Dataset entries
______________________________
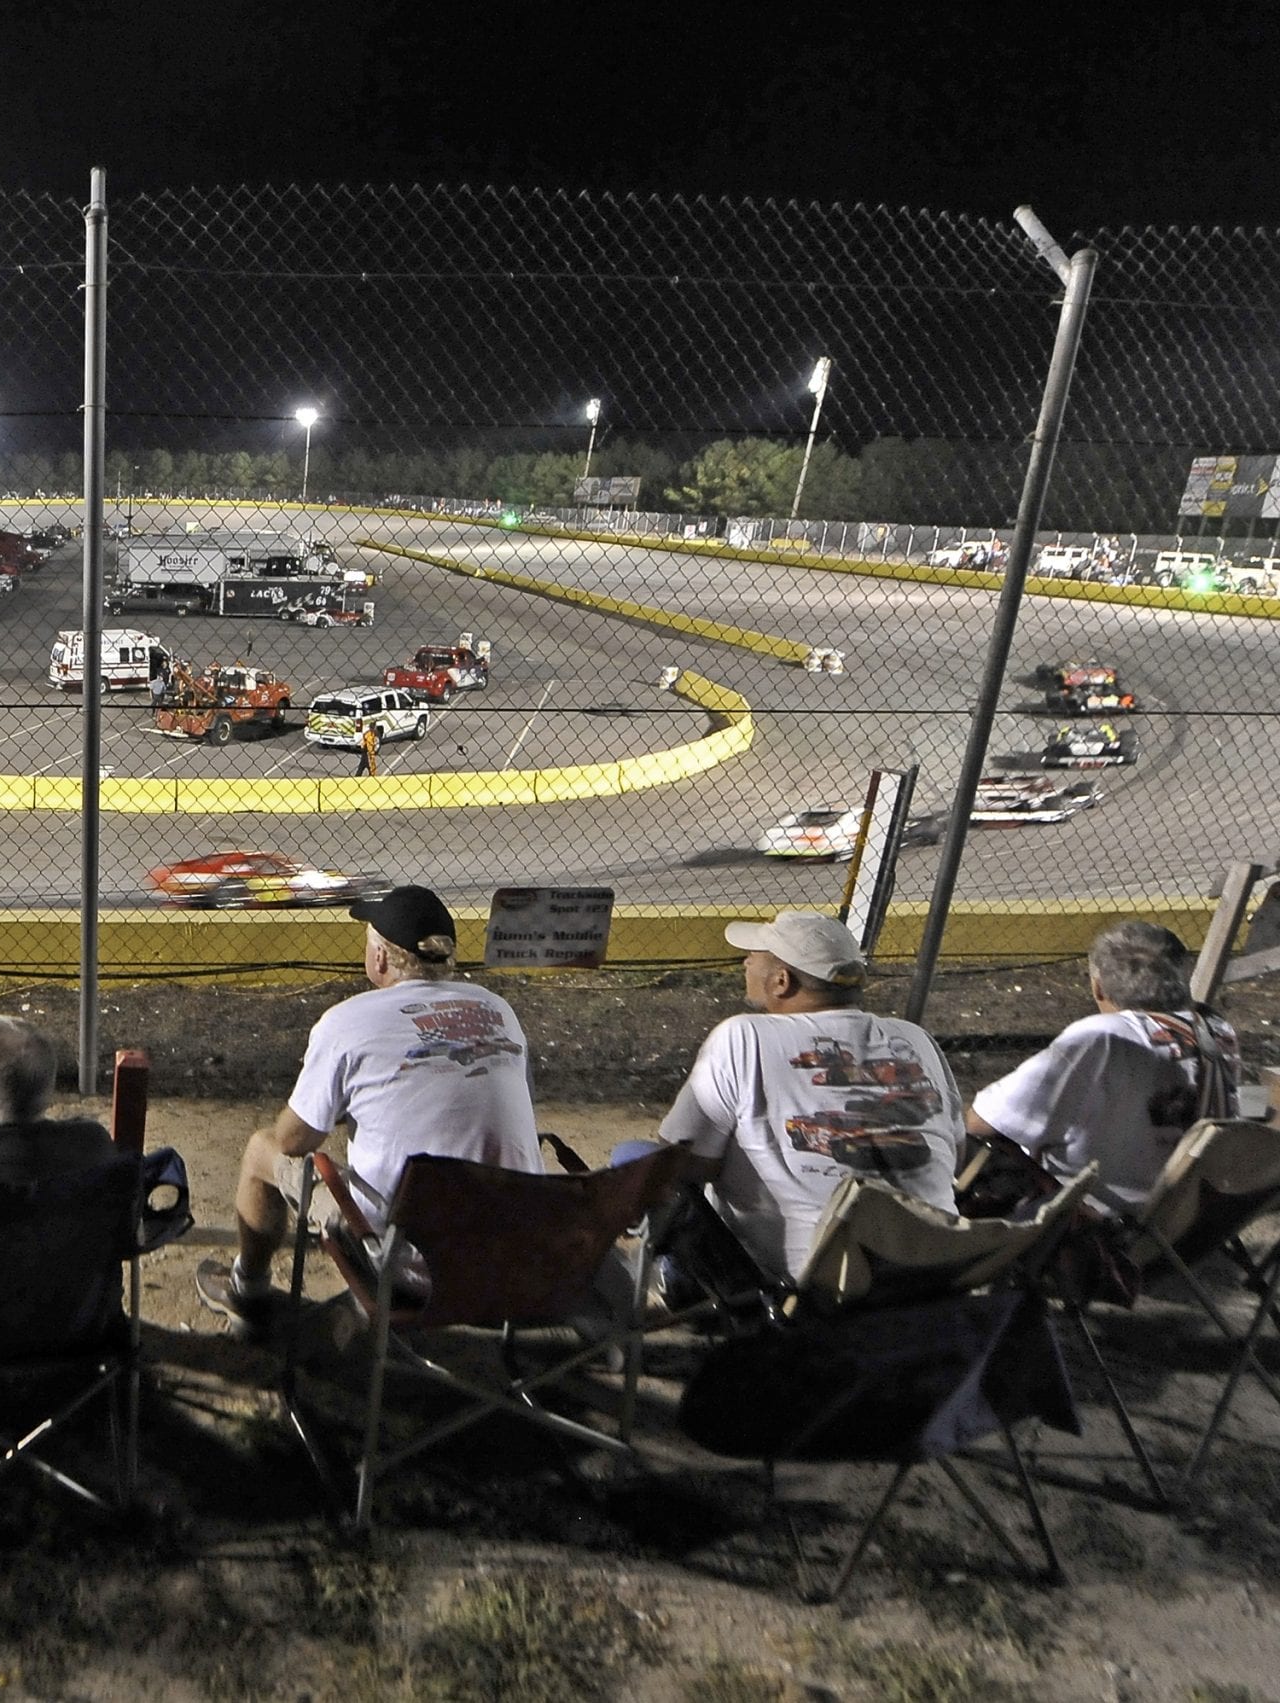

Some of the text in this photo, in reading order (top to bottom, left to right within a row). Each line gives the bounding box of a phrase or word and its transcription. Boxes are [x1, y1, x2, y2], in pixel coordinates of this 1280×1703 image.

[550, 904, 579, 915] Spot
[496, 949, 595, 960] Truck Repair
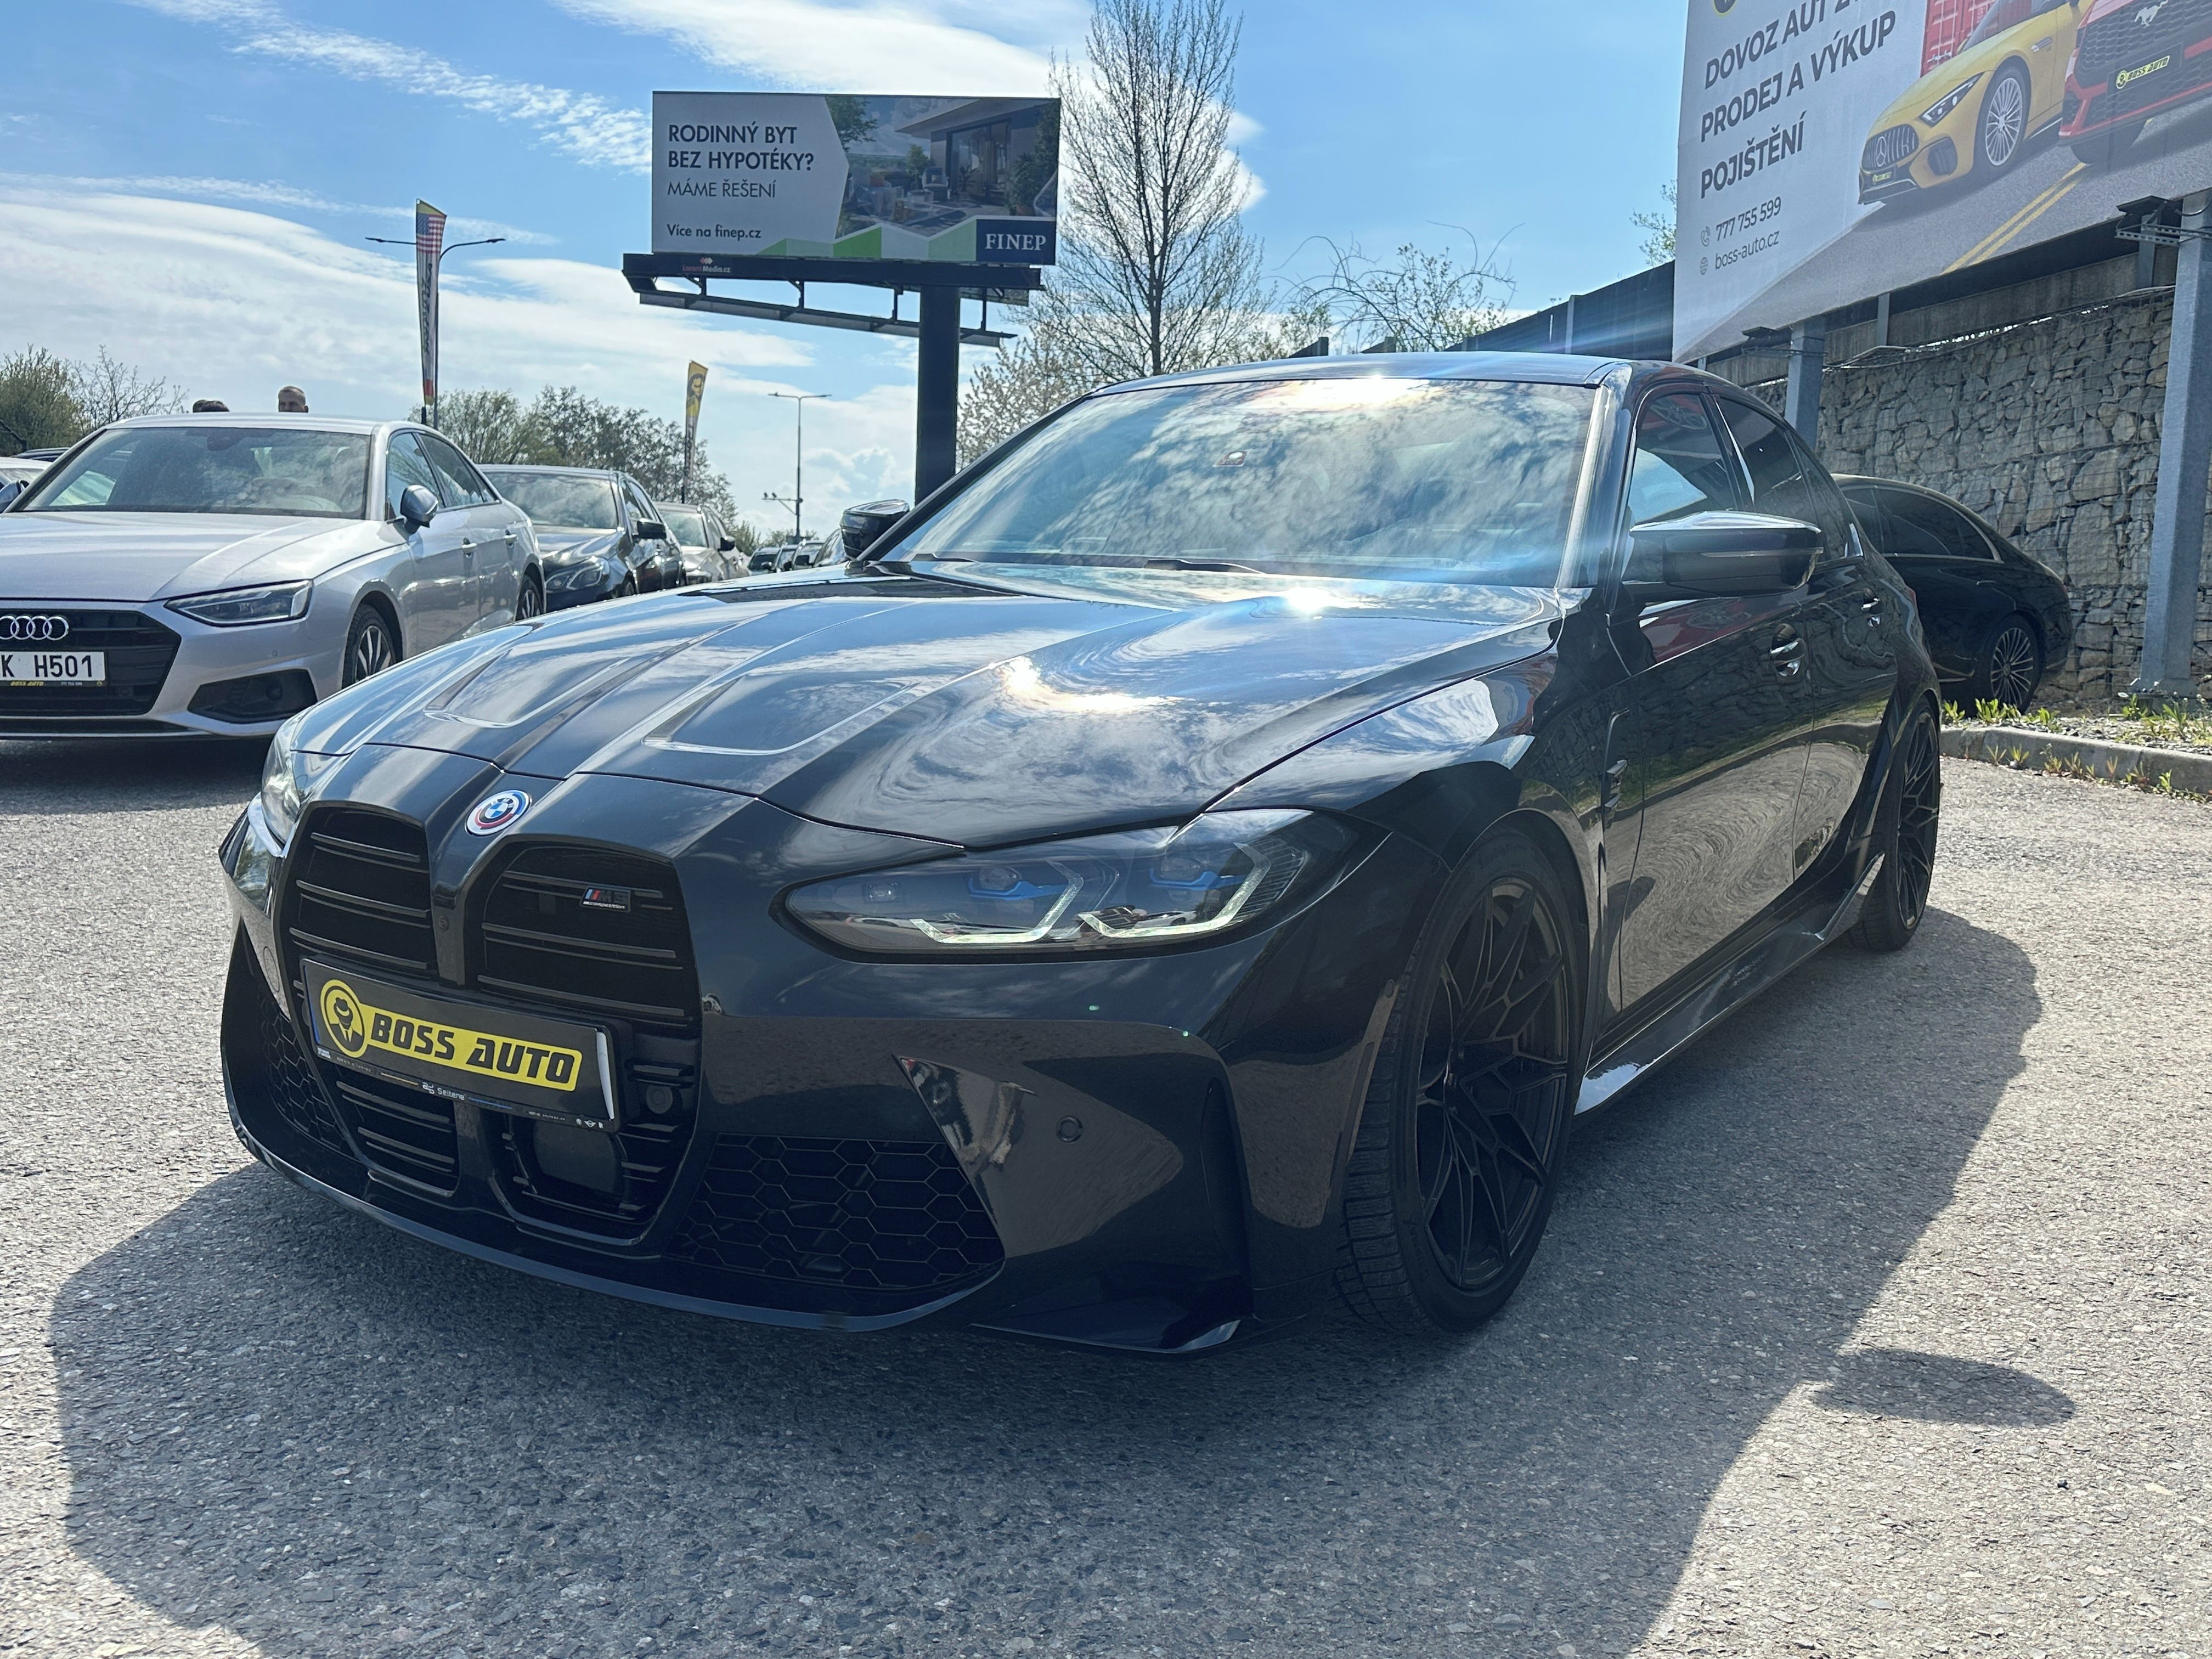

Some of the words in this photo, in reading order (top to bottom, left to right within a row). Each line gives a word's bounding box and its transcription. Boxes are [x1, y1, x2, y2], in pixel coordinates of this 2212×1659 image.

[1705, 19, 1779, 89] DOVOZ
[1781, 0, 1826, 45] AUT
[1701, 71, 1783, 143] PRODEJ
[1786, 62, 1804, 97] A
[1810, 10, 1896, 82] VÝKUP
[2128, 66, 2146, 81] BOSS
[668, 121, 759, 144] RODINNÝ
[764, 126, 798, 144] BYT
[668, 150, 701, 168] BEZ
[708, 148, 814, 171] HYPOTÉKY?
[1701, 110, 1807, 199] POJIŠTĚNÍ
[667, 178, 717, 198] MÁME
[722, 180, 777, 199] ŘEŠENÍ
[1715, 217, 1736, 242] 777
[1738, 207, 1757, 232] 755
[1759, 196, 1781, 222] 599
[667, 224, 692, 237] Více
[696, 228, 712, 238] na
[715, 225, 762, 240] finep.cz
[985, 233, 1047, 251] FINEP
[1714, 230, 1780, 270] boss-auto.cz
[1, 655, 15, 678] K
[34, 654, 92, 678] H501
[371, 1013, 455, 1061] BOSS
[465, 1037, 576, 1084] AUTO
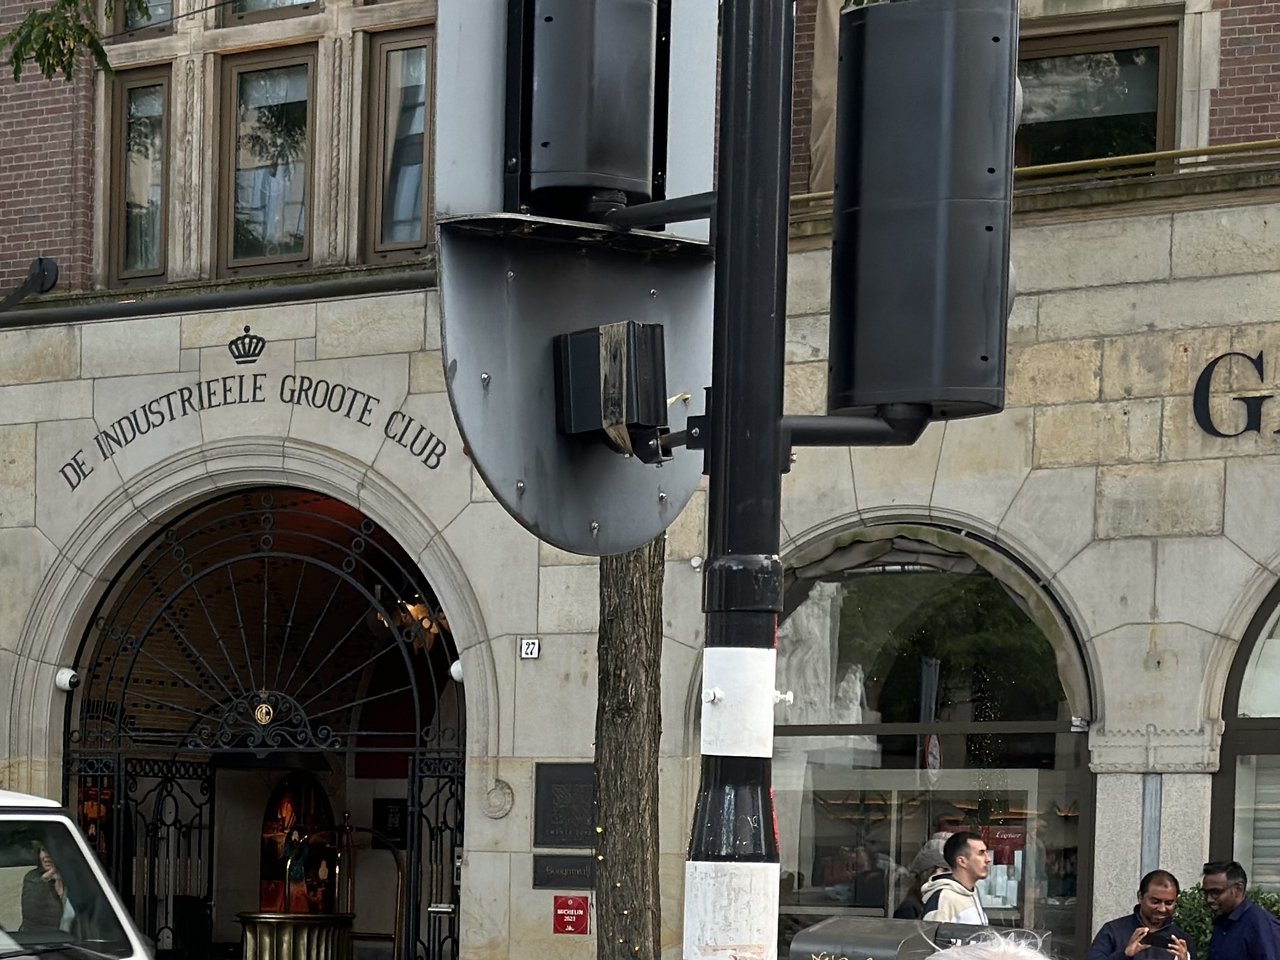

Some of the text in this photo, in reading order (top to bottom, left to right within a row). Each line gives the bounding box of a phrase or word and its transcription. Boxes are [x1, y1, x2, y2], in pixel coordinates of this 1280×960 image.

[59, 373, 447, 492] DE INDUSTRIEELE GROOTE CLUB
[1193, 350, 1280, 438] G
[524, 641, 536, 656] 27
______________________________
Problem requirements — All of the data above should be quoted exactly, except for the pictures.

Output of the exercise —
Some of the text in this photo, in reading order (top to bottom, left to right within a row). Each line gives the bounding box of a phrase or word and its transcription. Boxes are [x1, y1, x2, y2], in pixel coordinates of this 1280×1703 image.

[550, 904, 579, 915] Spot
[496, 949, 595, 960] Truck Repair

Some of the words in this photo, in reading order (top to bottom, left to right within a row). Each line gives a word's bounding box and its transcription. Boxes are [x1, y1, x2, y2], in pixel coordinates of this 2212×1659 image.

[1705, 19, 1779, 89] DOVOZ
[1781, 0, 1826, 45] AUT
[1701, 71, 1783, 143] PRODEJ
[1786, 62, 1804, 97] A
[1810, 10, 1896, 82] VÝKUP
[2128, 66, 2146, 81] BOSS
[668, 121, 759, 144] RODINNÝ
[764, 126, 798, 144] BYT
[668, 150, 701, 168] BEZ
[708, 148, 814, 171] HYPOTÉKY?
[1701, 110, 1807, 199] POJIŠTĚNÍ
[667, 178, 717, 198] MÁME
[722, 180, 777, 199] ŘEŠENÍ
[1715, 217, 1736, 242] 777
[1738, 207, 1757, 232] 755
[1759, 196, 1781, 222] 599
[667, 224, 692, 237] Více
[696, 228, 712, 238] na
[715, 225, 762, 240] finep.cz
[985, 233, 1047, 251] FINEP
[1714, 230, 1780, 270] boss-auto.cz
[1, 655, 15, 678] K
[34, 654, 92, 678] H501
[371, 1013, 455, 1061] BOSS
[465, 1037, 576, 1084] AUTO

Some of the text in this photo, in reading order (top to bottom, left to right within a row). Each line gives the bounding box of a phrase or word and its transcription. Boxes are [x1, y1, x2, y2], in pixel coordinates of this 1280×960 image.

[59, 373, 447, 492] DE INDUSTRIEELE GROOTE CLUB
[1193, 350, 1280, 438] G
[524, 641, 536, 656] 27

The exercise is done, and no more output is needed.